Source information:
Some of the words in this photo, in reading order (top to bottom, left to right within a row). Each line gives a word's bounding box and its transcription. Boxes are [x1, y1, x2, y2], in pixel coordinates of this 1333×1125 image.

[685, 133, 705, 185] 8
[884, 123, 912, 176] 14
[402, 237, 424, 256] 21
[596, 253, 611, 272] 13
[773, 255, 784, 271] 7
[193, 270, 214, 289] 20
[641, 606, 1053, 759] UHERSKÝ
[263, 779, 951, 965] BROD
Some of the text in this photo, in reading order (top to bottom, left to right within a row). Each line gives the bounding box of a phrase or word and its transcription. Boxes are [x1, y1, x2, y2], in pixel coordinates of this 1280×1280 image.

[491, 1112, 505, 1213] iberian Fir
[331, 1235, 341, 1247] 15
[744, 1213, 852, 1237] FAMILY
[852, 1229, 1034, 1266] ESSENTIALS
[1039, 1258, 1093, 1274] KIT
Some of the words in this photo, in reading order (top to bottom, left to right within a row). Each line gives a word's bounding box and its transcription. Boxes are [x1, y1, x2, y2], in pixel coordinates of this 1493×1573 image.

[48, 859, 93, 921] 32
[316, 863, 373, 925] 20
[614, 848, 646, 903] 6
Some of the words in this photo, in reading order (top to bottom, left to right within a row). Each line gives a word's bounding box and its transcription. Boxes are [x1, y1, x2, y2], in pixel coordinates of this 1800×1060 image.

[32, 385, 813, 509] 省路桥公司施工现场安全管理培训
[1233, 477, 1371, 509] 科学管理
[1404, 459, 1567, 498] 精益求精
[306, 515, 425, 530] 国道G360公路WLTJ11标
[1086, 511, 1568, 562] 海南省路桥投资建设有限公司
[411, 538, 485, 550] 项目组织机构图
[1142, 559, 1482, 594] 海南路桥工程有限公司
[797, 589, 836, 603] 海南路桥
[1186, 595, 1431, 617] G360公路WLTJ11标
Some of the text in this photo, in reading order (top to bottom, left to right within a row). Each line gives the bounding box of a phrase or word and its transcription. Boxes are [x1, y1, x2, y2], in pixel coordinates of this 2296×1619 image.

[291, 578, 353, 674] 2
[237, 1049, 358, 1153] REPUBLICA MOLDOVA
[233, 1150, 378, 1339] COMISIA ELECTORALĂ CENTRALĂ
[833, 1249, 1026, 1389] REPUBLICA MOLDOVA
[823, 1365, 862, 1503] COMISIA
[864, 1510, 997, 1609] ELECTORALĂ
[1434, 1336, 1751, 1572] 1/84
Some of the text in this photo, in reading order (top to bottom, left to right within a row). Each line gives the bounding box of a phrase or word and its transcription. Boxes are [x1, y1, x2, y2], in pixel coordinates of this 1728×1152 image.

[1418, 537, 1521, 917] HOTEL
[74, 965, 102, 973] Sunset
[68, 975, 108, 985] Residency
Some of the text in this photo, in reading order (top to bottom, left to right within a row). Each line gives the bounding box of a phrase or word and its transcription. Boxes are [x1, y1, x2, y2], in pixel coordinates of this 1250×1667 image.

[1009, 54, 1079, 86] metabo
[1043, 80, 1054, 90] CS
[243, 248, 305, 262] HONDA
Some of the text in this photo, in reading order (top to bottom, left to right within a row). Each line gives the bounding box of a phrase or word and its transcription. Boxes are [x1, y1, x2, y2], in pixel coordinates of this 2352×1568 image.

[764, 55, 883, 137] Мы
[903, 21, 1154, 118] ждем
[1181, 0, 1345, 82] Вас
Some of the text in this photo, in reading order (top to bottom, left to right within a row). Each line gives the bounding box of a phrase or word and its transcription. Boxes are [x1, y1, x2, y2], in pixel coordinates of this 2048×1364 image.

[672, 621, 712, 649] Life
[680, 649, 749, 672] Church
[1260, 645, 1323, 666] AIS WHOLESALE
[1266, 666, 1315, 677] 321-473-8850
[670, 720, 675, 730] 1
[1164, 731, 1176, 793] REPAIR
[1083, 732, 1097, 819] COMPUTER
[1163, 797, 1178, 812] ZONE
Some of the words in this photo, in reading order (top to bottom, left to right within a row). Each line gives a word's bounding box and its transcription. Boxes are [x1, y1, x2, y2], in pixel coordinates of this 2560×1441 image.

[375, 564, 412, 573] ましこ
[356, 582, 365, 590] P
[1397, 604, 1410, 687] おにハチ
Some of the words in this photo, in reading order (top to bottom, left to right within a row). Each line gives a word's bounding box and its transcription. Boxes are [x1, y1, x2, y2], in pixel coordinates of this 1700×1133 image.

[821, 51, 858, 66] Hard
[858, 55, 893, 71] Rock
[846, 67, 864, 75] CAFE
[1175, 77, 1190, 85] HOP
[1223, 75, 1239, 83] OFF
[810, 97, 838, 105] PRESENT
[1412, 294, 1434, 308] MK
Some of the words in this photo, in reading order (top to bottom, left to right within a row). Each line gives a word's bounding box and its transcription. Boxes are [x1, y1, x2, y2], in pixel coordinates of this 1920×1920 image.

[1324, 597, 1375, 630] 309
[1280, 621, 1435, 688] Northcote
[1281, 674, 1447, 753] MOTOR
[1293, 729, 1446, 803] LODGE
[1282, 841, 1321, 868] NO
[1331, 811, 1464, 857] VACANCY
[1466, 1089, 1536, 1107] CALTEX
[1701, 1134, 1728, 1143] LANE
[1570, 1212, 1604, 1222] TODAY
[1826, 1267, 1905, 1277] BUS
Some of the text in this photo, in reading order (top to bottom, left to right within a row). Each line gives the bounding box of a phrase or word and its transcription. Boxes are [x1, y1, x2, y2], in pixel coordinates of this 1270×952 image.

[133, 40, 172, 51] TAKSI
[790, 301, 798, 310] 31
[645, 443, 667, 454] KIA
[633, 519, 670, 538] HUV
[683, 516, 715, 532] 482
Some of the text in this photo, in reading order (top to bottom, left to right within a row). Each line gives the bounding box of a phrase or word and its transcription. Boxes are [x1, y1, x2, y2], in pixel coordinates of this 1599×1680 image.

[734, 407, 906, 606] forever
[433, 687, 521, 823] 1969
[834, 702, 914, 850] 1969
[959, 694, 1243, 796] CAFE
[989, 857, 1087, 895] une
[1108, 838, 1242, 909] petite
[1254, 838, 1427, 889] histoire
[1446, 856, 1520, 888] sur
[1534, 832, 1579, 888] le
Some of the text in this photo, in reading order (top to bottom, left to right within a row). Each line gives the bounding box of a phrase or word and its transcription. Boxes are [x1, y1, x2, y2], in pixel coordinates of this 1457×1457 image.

Task statement: Nothing but the lines from the one with "this 1270×952 image." through the last line of the records above should be retyped, and those word for word.

Answer to this problem:
Some of the text in this photo, in reading order (top to bottom, left to right within a row). Each line gives the bounding box of a phrase or word and its transcription. Boxes are [x1, y1, x2, y2], in pixel coordinates of this 1270×952 image.

[133, 40, 172, 51] TAKSI
[790, 301, 798, 310] 31
[645, 443, 667, 454] KIA
[633, 519, 670, 538] HUV
[683, 516, 715, 532] 482
Some of the text in this photo, in reading order (top to bottom, left to right within a row). Each line gives the bounding box of a phrase or word and its transcription. Boxes are [x1, y1, x2, y2], in pixel coordinates of this 1599×1680 image.

[734, 407, 906, 606] forever
[433, 687, 521, 823] 1969
[834, 702, 914, 850] 1969
[959, 694, 1243, 796] CAFE
[989, 857, 1087, 895] une
[1108, 838, 1242, 909] petite
[1254, 838, 1427, 889] histoire
[1446, 856, 1520, 888] sur
[1534, 832, 1579, 888] le
Some of the text in this photo, in reading order (top to bottom, left to right within a row). Each line gives the bounding box of a phrase or word and its transcription. Boxes are [x1, y1, x2, y2], in pixel coordinates of this 1457×1457 image.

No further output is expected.